Production readiness is not a launch-day task. The operational floor — CI/CD, environment separation, monitoring, rollback, QA, and security review — should be part of the implementation plan from sprint one. Here is the checklist we treat as non-negotiable before any project goes live.
What this article makes clear
- Stand up CI/CD, environments, and release gates before feature work accelerates.
- Scale QA depth to each surface's real risk, using AI to accelerate coverage.
- Instrument observability during the build and make rollback a one-decision action.
CI/CD and environments come first, not last
CI/CD, environment separation, and release gates should exist before feature work accelerates, not after. They are the rails that keep a fast-moving build from derailing.
Infrastructure as code, automated builds, and promotion between dev, staging, and production make releases boring — which is exactly what you want a release to be.
QA should match the project's real risk
QA should cover unit, integration, workflow, regression, security, and performance concerns based on project risk — not just the happy path. A payments flow and a marketing page do not need the same test depth.
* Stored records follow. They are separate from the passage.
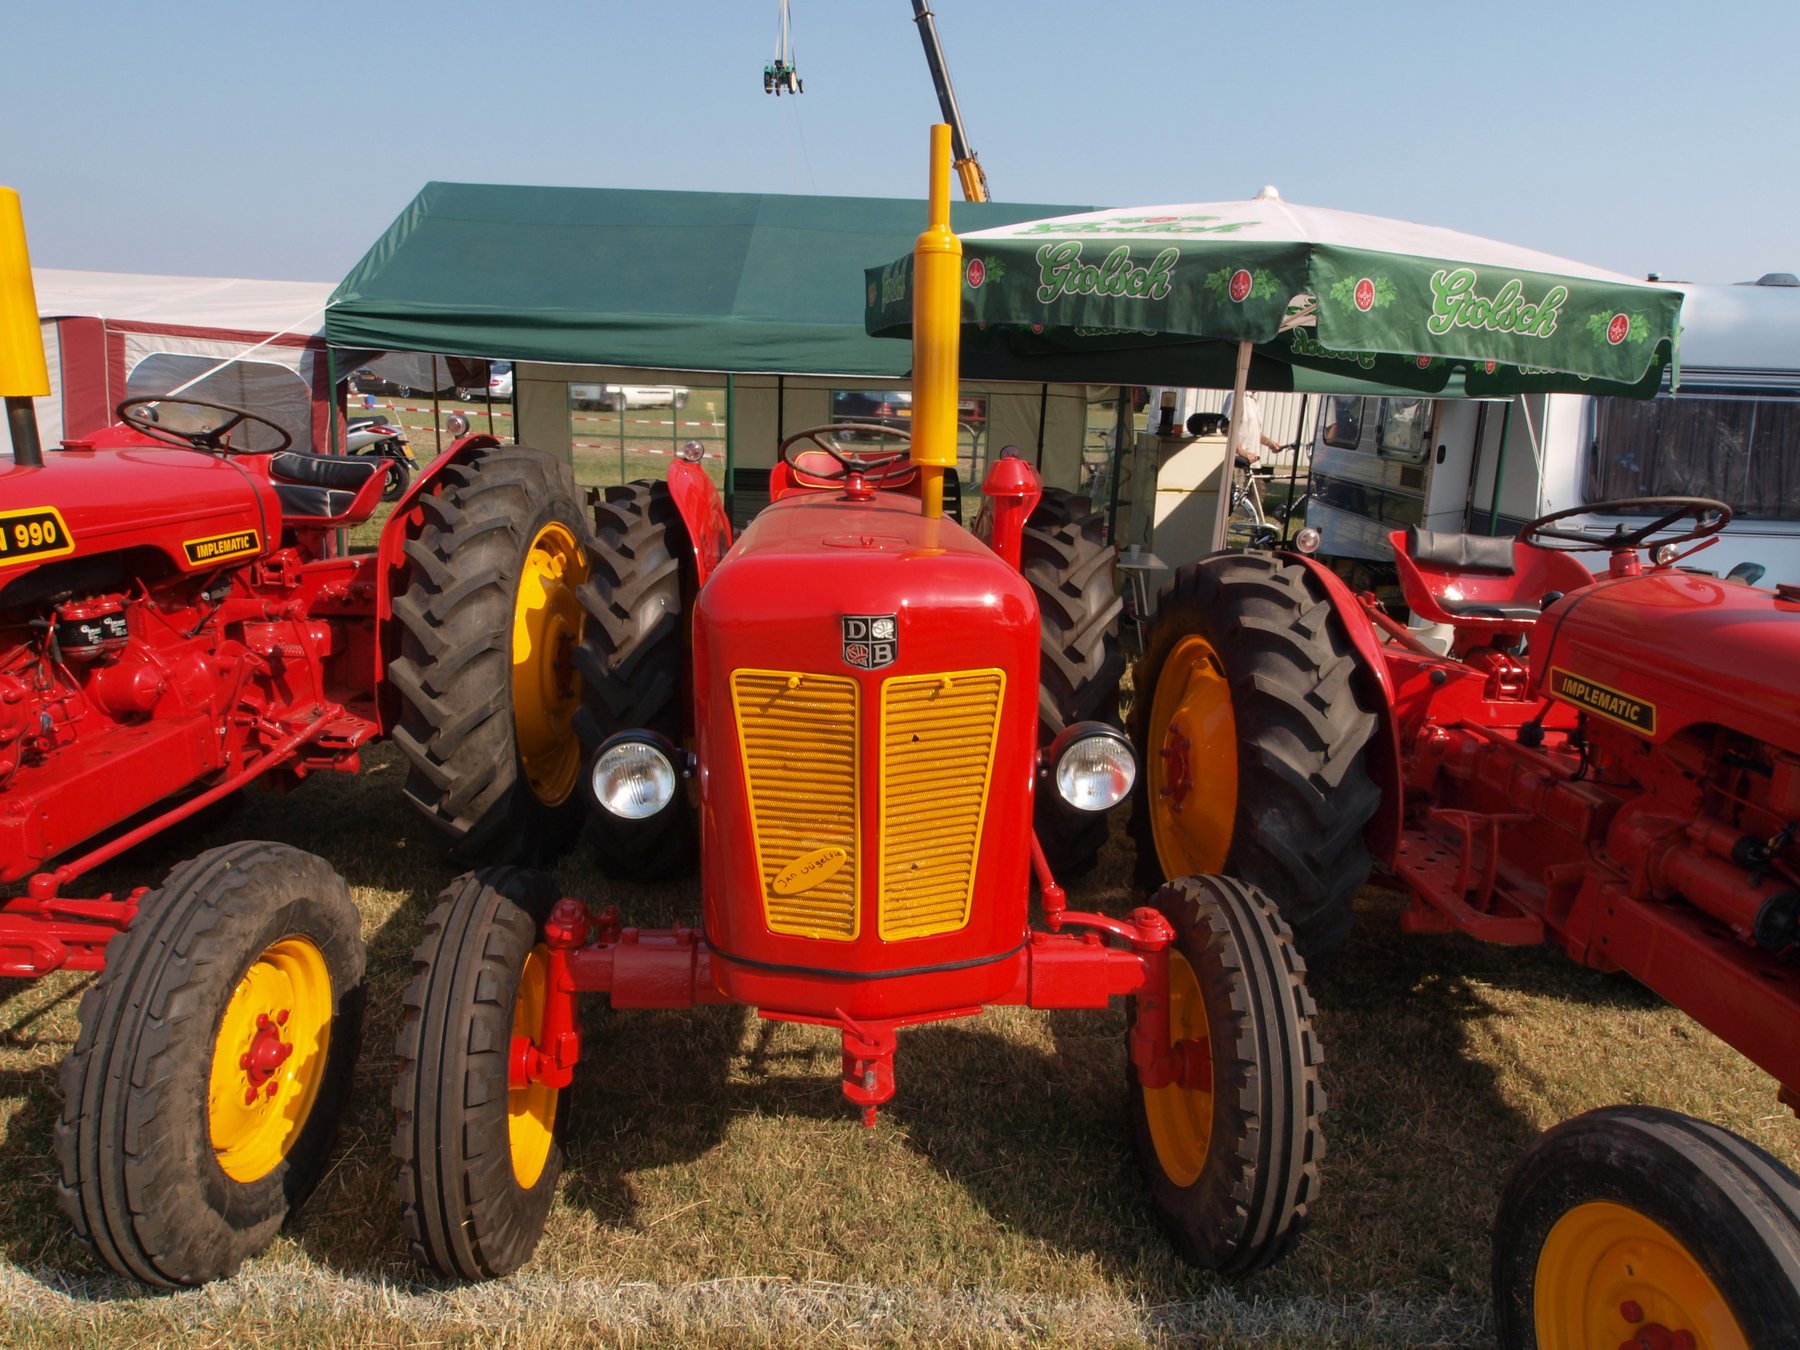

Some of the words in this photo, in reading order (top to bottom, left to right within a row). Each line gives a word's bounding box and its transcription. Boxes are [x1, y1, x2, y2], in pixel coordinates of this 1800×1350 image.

[1037, 241, 1179, 303] Grolsch
[1427, 268, 1568, 338] Grolsch
[15, 520, 56, 548] 990
[196, 535, 250, 559] IMPLEMATIC
[1562, 677, 1641, 721] IMPLEMATIC
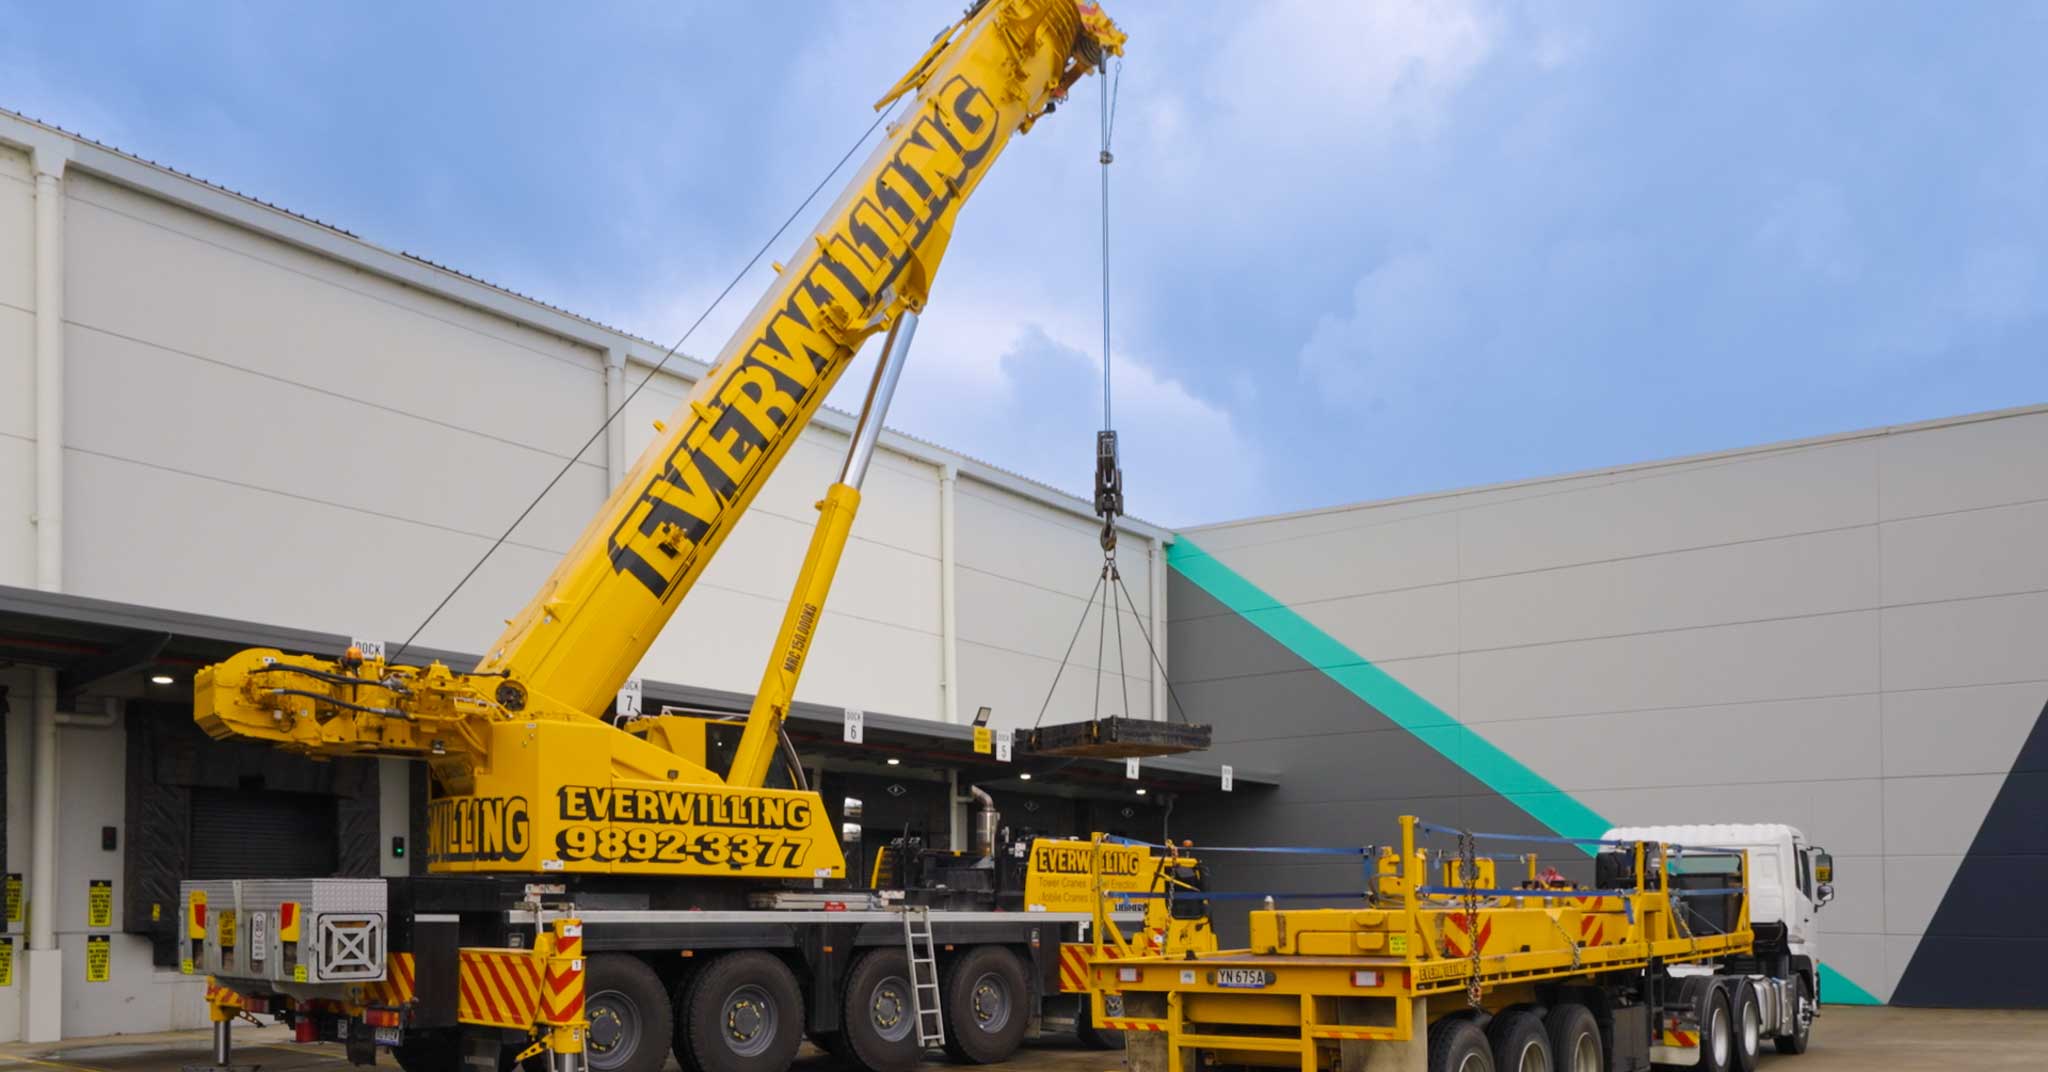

AI-generated test suites accelerate coverage, but a human decides what risk each surface carries and where deeper testing is mandatory.
Observability is how you find problems before users do
Structured logging, metrics, health checks, and error tracking turn 'something is wrong' into 'here is exactly what is wrong.' Observability is the difference between a five-minute fix and a five-hour outage.
It should be instrumented during the build, not retrofitted after an incident teaches you where the blind spots are.
Rollback and security review protect trust
A release is only controlled when the team can detect issues, explain changes, recover quickly, and preserve client trust. Rollback paths and version tagging make recovery a decision, not a scramble.
Security review — OWASP checks, auth audits, secrets management, and dependency scanning every sprint — keeps the work defensible long after launch.
Frequently asked questions
Common questions on this topic.
When should delivery operations be set up in a project?
From the start. CI/CD, environment separation, observability, and release gates belong in the implementation plan from sprint one, not as a launch-day scramble.
What should automated testing cover?
Coverage should match risk: unit, integration, workflow, regression, security, and performance tests scaled to how critical each surface is. AI can accelerate test creation, but humans decide required depth.
What makes a release 'controlled'?
A controlled release is one where the team can detect issues, explain changes, recover quickly via rollback, and preserve client trust — backed by version tagging, monitoring, and security review.